3. The recycled cement concrete of waste asphalt recycling according to claim 2, characterized in that the coarse aggregate is composed of limestone with particle size of 20-30mm, 10-20mm, 5-10mm according to the proportion of 45; the fine aggregate is natural sand, and the sand rate is 31-35%; and when the component B is stirred and mixed, mixing the components according to the particle size proportion to obtain coarse aggregates and fine aggregates, and distributing the coarse aggregates and the fine aggregates according to the part ratio.

4. The recycled cement concrete for recycling waste asphalt according to claim 1, which is characterized in that the component E comprises the following components in parts by weight: 0.25-0.4 part of surfactant and 4.75-7.6 parts of water.

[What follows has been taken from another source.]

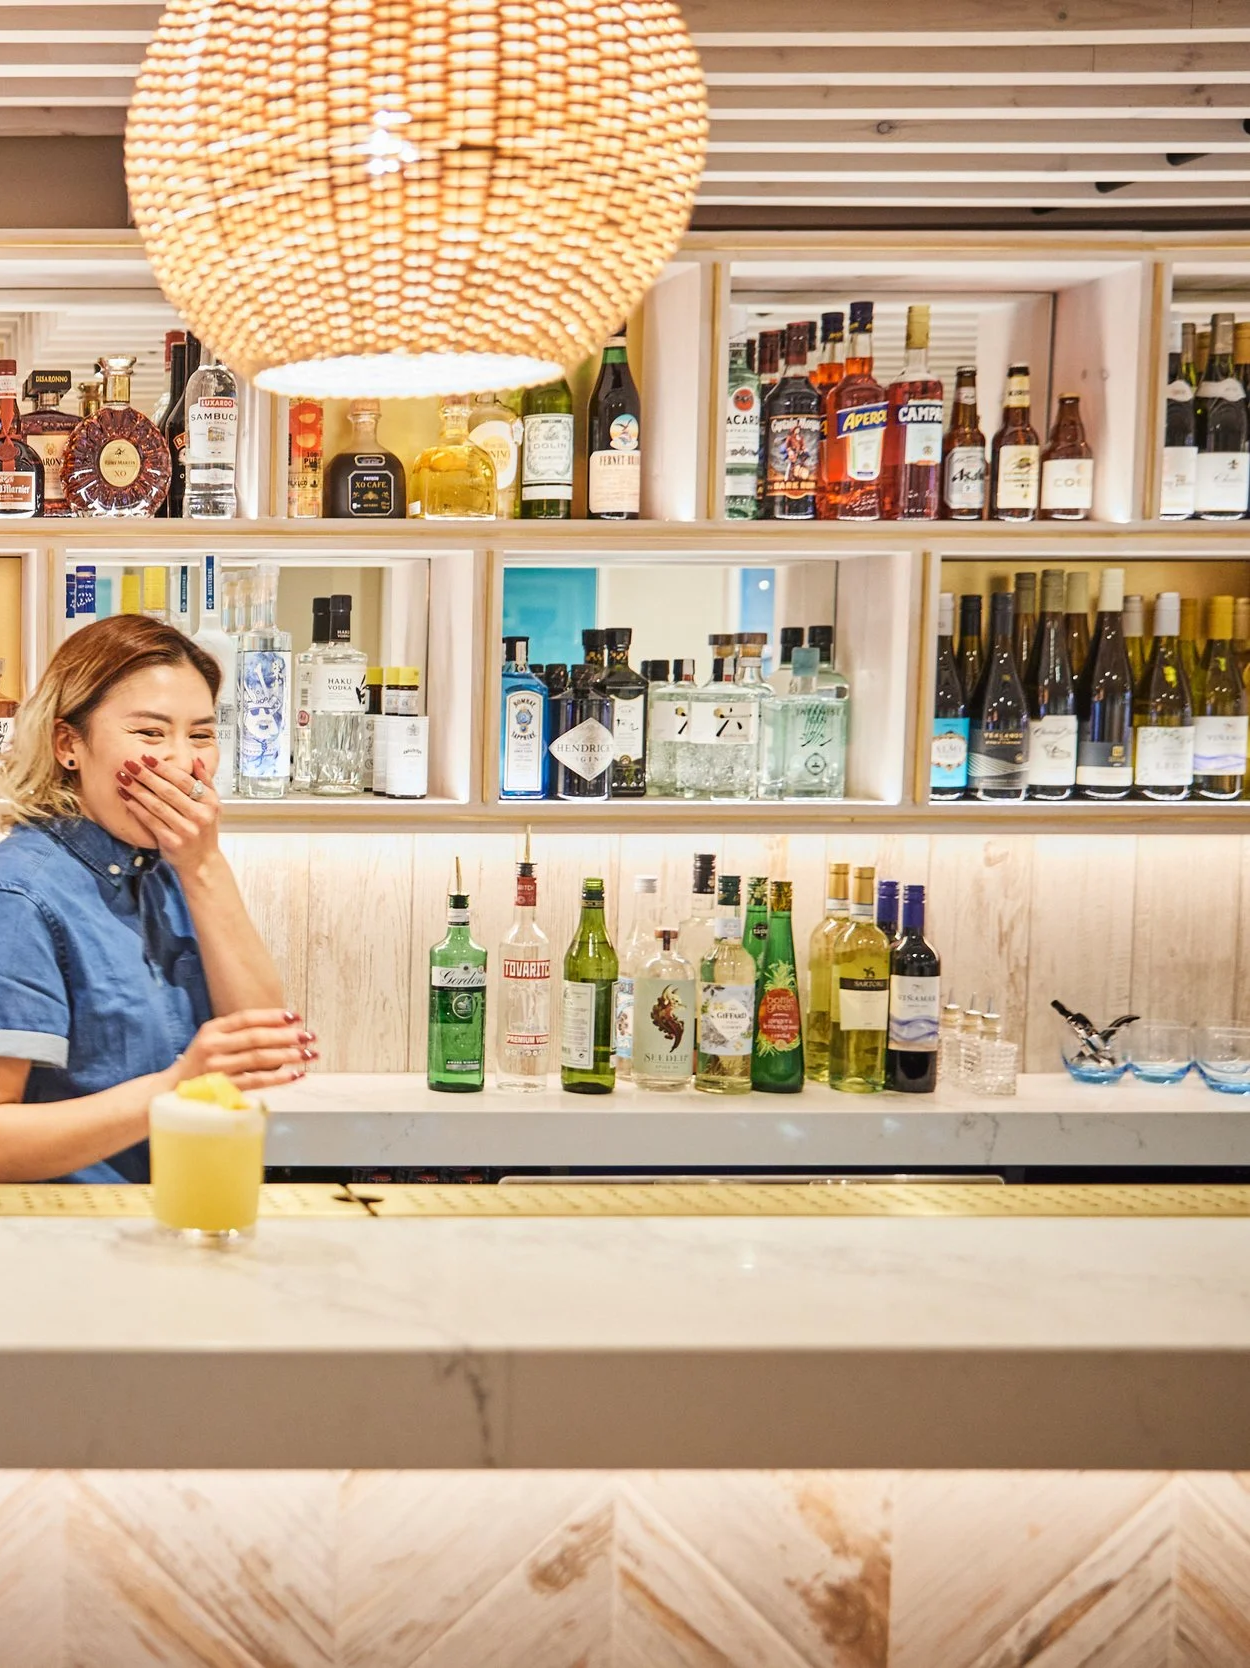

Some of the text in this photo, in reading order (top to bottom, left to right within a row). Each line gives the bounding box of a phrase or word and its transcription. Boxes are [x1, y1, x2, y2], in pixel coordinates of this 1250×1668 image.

5. A method for preparing recycled cement concrete by recycling waste asphalt, which is characterized by preparing recycled cement concrete by recycling waste asphalt according to any one of claims 1 to 4, comprising the following steps:

s1, preparing a component A: cutting the waste carbon fiber into required length, and mixing with cement in proportion;

s2, preparing a component C: drying the quick regenerant, uniformly spraying the quick regenerant on the surface of the waste asphalt mixture, pouring the quick regenerant into emulsified asphalt diluted with water in advance after the waste asphalt on the surface of the quick regenerant is dissolved, and uniformly stirring the quick regenerant and the emulsified asphalt together for 1-2min;

s3, preparing a component E: dissolving a surfactant in water in advance, and uniformly stirring for later use;

s4, mixing: dry-mixing the coarse and fine aggregates in the component B, premixing uniformly, adding half of the component E, stirring for 30s, adding the mixed component A, dissolving the component D in the other half of the component E, slowly adding the mixture into a stirrer, stirring for 2-3 minutes until the surface of concrete has obvious gloss, and preparing a base material;

s5, adding the component C into the base material, stirring for 1-2min until the mixture is uniform, obtaining the newly-mixed recycled cement concrete F, and measuring the performance index of the newly-mixed recycled cement concrete F.

6. The application of the recycled cement concrete of the recycled waste asphalt is characterized in that the recycled cement concrete of the recycled waste asphalt according to any one of claims 1 to 4 is applied to curb and side slope protection block engineering components.